Pearle grew up in Studio City, California. Born in New York, he moved west as a young child after his artist parents, Gary Pearle and Mary Kyte (co-conceivers of the musical Tintypes, which his father directed on Broadway), left the theater. His father eventually trained to become a psychotherapist and his mother became a high school teacher. Describing his father’s career transition, Pearle offers, “Directing [plays] and doing clinical work have a lot of similarities: a creative challenge that takes place over a period of time, guiding people to integrate different aspects of themselves.”
“In L.A., I didn’t see a whole lot of theater, but I definitely grew up reading plays,” says Pearle. “My first memories of plays were actually on the page.” His parents’ bookshelf provided raw material for a self-directed introduction to the theater. “One of the first plays I read was a Chris Durang play. It was so hilarious and strange. That’s one I remember very closely. Edward Albee, Tennessee Williams. The big one was in college, when I really started getting into Chekhov.”
As an undergraduate at Harvard, Pearle wrote fiction, as well as continued his study of classical voice, piano, and composition. “I had grown up as a fiction junkie and was always more interested in internal worlds, in characters’ inner lives,” he explains. Eventually, he wrote a play, but, “I never had anything produced while I was there. I was very private when I was writing.”

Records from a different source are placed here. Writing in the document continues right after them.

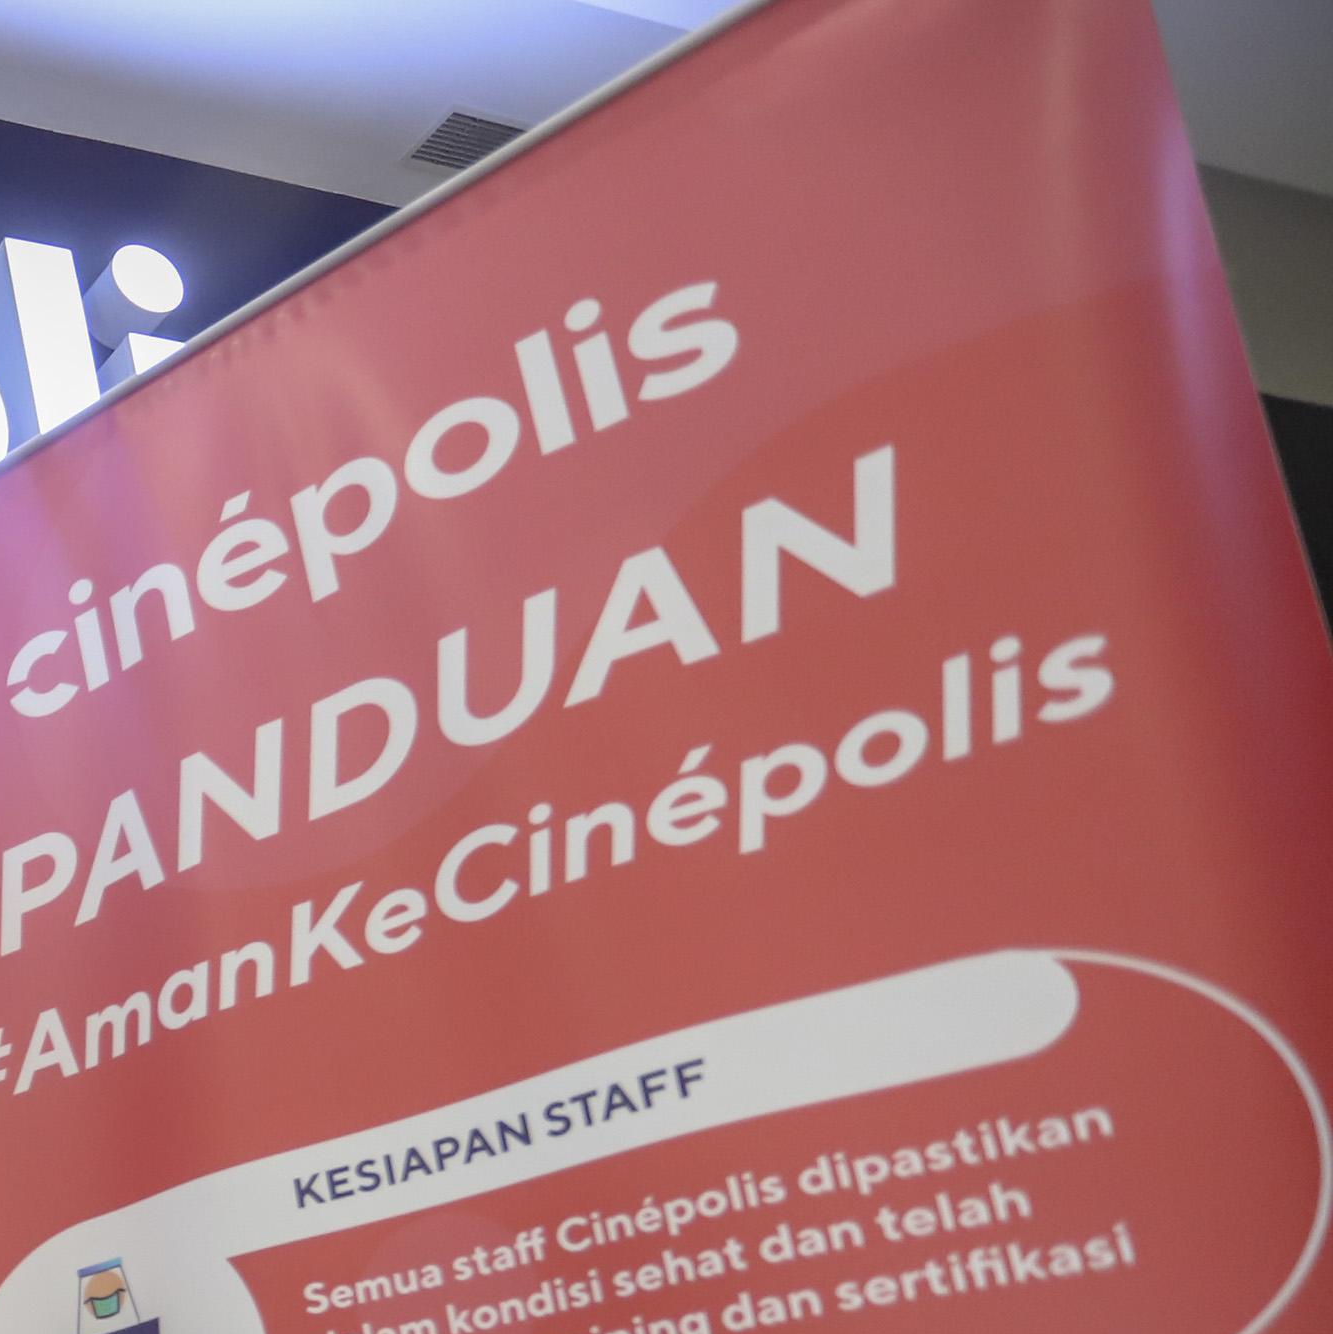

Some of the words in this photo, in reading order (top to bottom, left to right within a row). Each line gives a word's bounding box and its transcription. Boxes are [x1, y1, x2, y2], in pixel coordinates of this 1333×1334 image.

[7, 281, 739, 718] cinépolis
[0, 444, 896, 956] PANDUAN
[293, 1113, 533, 1209] KESIAPAN
[543, 1059, 707, 1139] STAFF
[303, 1263, 443, 1315] Semua
[452, 1226, 548, 1282] staff
[557, 1171, 787, 1255] Cinépolis
[799, 1104, 1115, 1197] dipastikan
[612, 1235, 747, 1296] sehat
[759, 1214, 864, 1265] dan
[876, 1182, 1033, 1242] telah
[722, 1285, 823, 1333] dan
[837, 1222, 1136, 1311] sertifikasi

“Sometimes playwrights seem sort of overwhelmed by how sensitively attuned they are to the world,” says Christopher Shinn, head of the M.F.A. playwriting department at the New School, “and they convey their vision through this exquisite sensitivity. Daniel seemed to me to have that ability.” After seeing a 2007 production of Shinn’s play Dying City, Pearle reached out to him for advice about playwriting and subsequently became a New School student.

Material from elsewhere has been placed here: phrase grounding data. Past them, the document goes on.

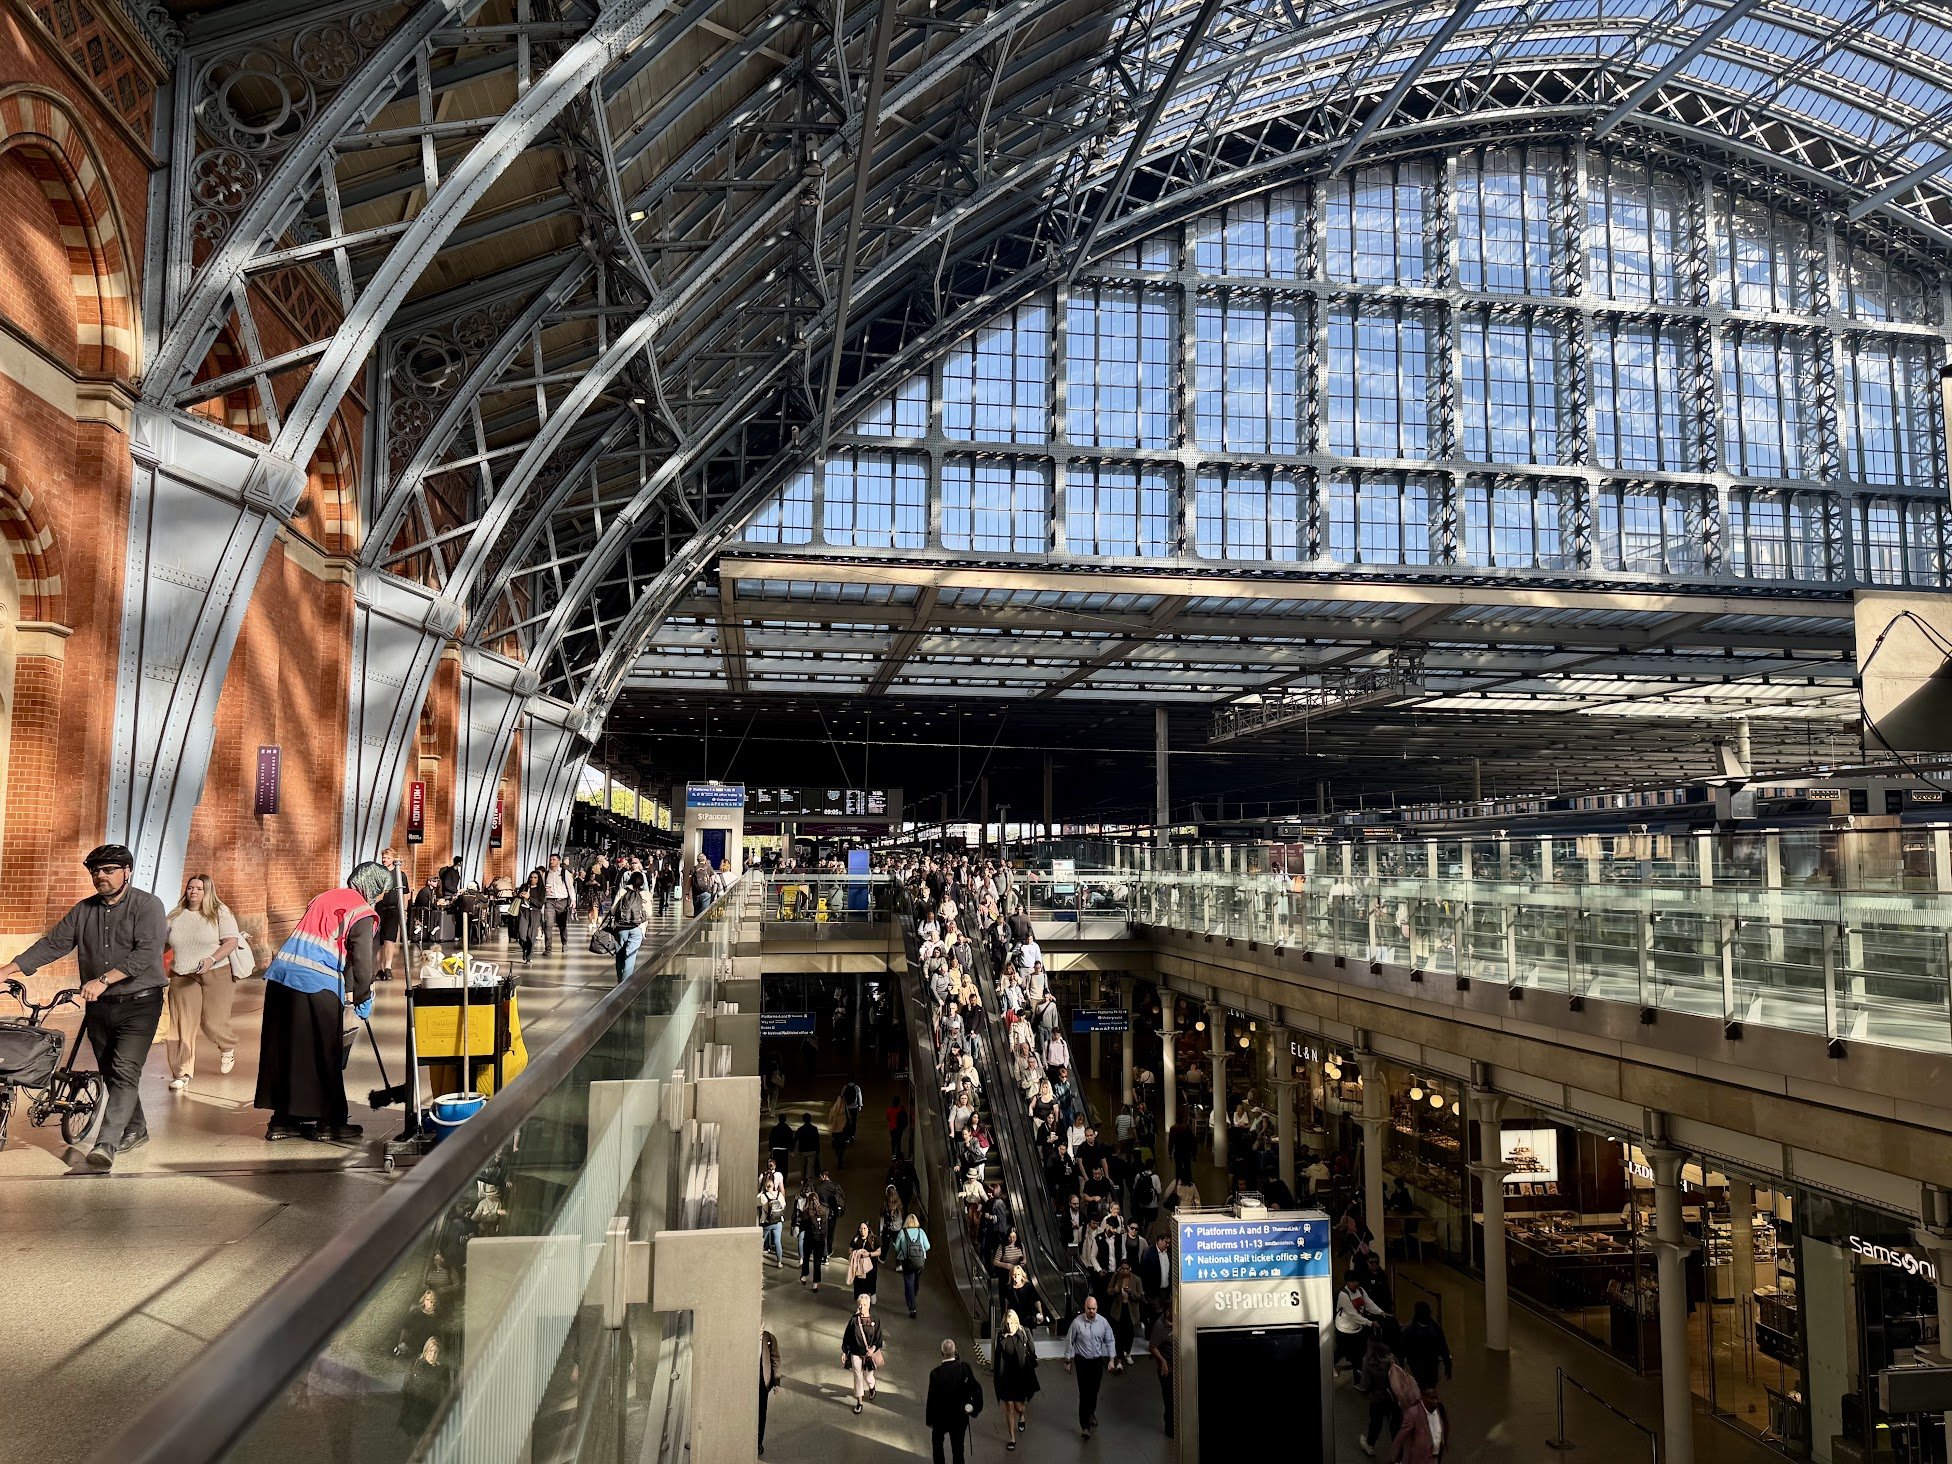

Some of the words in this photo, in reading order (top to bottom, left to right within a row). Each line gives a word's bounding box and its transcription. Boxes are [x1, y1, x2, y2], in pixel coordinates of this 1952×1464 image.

[1290, 1041, 1320, 1063] EL&N
[1197, 1227, 1238, 1237] Platforms
[1239, 1226, 1246, 1235] A
[1246, 1225, 1262, 1235] and
[1263, 1225, 1270, 1234] B
[1197, 1240, 1238, 1250] Platforms
[1239, 1239, 1263, 1248] 11-13
[1197, 1254, 1232, 1265] National
[1233, 1253, 1250, 1263] Rail
[1251, 1252, 1274, 1262] ticket
[1275, 1251, 1298, 1261] office

“I felt a little bit behind,” says Pearle. “That was the first time I had ever worked with actors, or in a rehearsal room.” Despite Pearle’s seemingly novice approach, Parker says, the young playwright was “artistically ambitious, incredibly smart, and held himself to high creative principles.” By the end of his three years, Pearle had completed A Kid Like Jake, another full-length work entitled The Prodigies, and several shorter plays.
“Daniel has impulses to reveal the truth through non-naturalistic ways,” says Shinn. “I’m very curious to see where he goes with that as his work develops.” For Pearle, form follows from his interest in characters’ inner lives. He’s fond of quoting Treplyov’s maxim from the Seagull that “the point isn’t old forms or new forms, it’s to write and not think about form, because it’s flowing freely out of your soul.” When he thinks about the great plays of the past, he says, “It’s usually the people that stay with me.”
Currently, Pearle lives in the West Village, but figures to decamp soon. “I might make the inevitable switch to Brooklyn,” he allows. “The production has gone well enough that I feel like I’m in a great position to keep writing.” He’s continuing work on a play he started at the MacDowell Colony and exploring film and television projects. Also, The Prodigies has yet to be produced, and Pearle hopes it will find a life.
In the meantime, he’s enjoying the final weeks of a sold-out, well-reviewed run at Lincoln Center’s Claire Tow Theater. “I got a chance to see Daniel a few days [after seeing A Kid Like Jake],” says Parker. “He was characteristically modest, charming, and his usual boyish self. His primary attention has always been on the complexities of the world around him, and not himself, which I think makes him a very appealing person and writer.”